Short seller Andrew Left to stand trial in LA over manipulation charges
FILE PHOTO: Andrew Left, the founder of Citron Research, speaks during the Reuters Global Investment 2019 Outlook Summit, in New York, U.S., November 12, 2018. REUTERS/Brendan McDermid/File Photo
Short seller Andrew Left to stand trial in LA over manipulation charges
High-profile short seller Andrew Left’s criminal trial will kick off in Los Angeles this week, spotlighting a contentious cohort of investors who have for years goaded public companies in the U.S. and overseas with allegations of fraud and mismanagement.
U.S. authorities charged Left in July 2024, alleging he had manipulated the stock market and defrauded investors with misleading claims about his positions in multiple companies’ shares, including Nvidia and Tesla, making at least $16 million in the process.
Jury selection is expected to begin on Monday and the trial could last weeks. The Justice Department expects to provide a number of witnesses, including retail investors, court filings show. It is unclear if Left, who denies the allegations, will testify.
Known for his sensational and colorful style, Left has, for more than a decade, been among the most prominent of a group of “short activists” who say they bet against public companies on the basis they are overvalued or engaging in outright fraud, drawing the ire of companies who have fought to curb their bets.
Left, who runs Citron Research, exploited his influence through social media and cable news appearances to tout what he said were his trades, only to quickly and secretly close out his positions to profit from short-lived price movements, the Justice Department alleges.
In return for compensation, Left also alerted hedge funds before publicizing his positions, allowing them to profit or mitigate losses, and concealed the coordination using fake invoices, according to prosecutors.

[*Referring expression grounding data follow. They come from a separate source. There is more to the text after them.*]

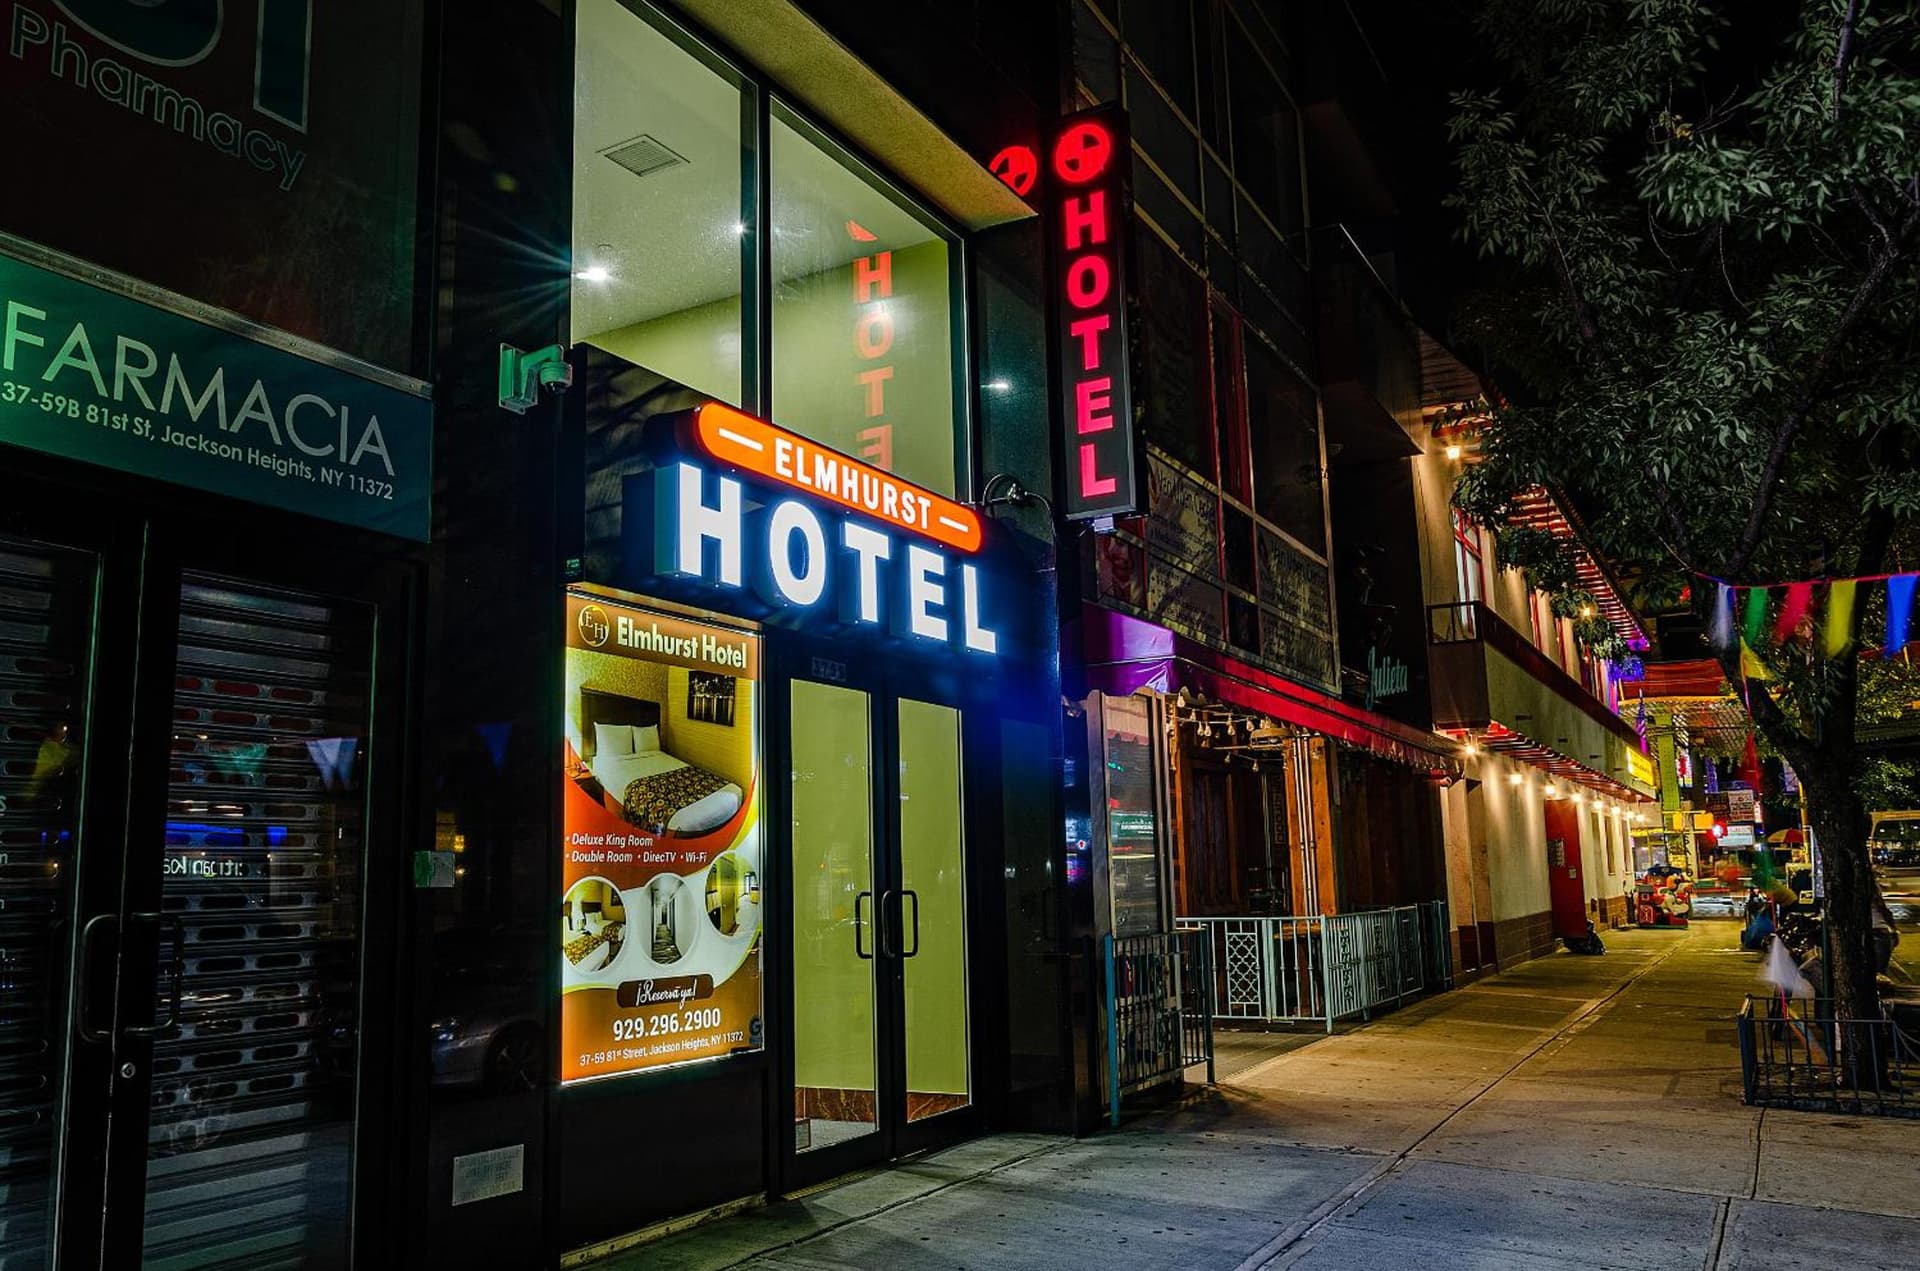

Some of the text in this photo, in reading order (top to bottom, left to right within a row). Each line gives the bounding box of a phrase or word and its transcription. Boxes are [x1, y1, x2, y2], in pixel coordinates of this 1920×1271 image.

[9, 3, 306, 192] Pharmacy
[2, 300, 396, 477] FARMACIA
[1064, 190, 1117, 498] HOTEL
[2, 381, 393, 500] 37-59B 81st St, Jackson Heights, NY 11372
[775, 437, 931, 529] ELMHURST
[678, 461, 996, 654] HOTEL
[617, 615, 747, 669] Elmhurst Hotel
[572, 833, 653, 849] Deluxe King Room
[572, 850, 708, 863] Double Room DirecTV Wi-Fi
[613, 1007, 721, 1041] 929.296.2900
[649, 1041, 681, 1056] Jackson

Left, who did not respond to an email seeking comment, pleaded not guilty and could face 25 years in prison if convicted of securities fraud. In a court filing last week, his attorneys said he “acted in good faith in making honest public commentary” and that there was no law that required him to hold his positions for a length of time.
AGGRESSIVE LEGAL THEORY?
Some legal experts have argued the case is aggressive. Long criticized, short sellers have often defended themselves by leaning on First Amendment rights. Investors are also free to change their minds.
“I think that theory standing alone would be a big swing by the DOJ,” said Drew Bradylyons, founding partner at law firm Armstrong & Bradylyons and a former federal prosecutor.
“For that reason, the government really went out of its way to allege other facts in the indictment that bolster their case. It does a good job of telling a longer story – that he knew he was making false statements to profit.”
Short sellers seek to profit off bets a stock will fall, although Left also took long positions.
Among Left’s most high-profile short targets were the now-defunct China Evergrande, GameStop, Valeant Pharmaceuticals and Shopify. Proponents of short activists say they play a crucial role in the market in exposing wrongdoing, but critics have accused them of “short and distort” tactics that have unfairly damaged public companies.
Left’s trial is the culmination of a years-long probe by criminal prosecutors in Washington and Los Angeles, who began probing short sellers in 2019, Bloomberg, Reuters and others have reported.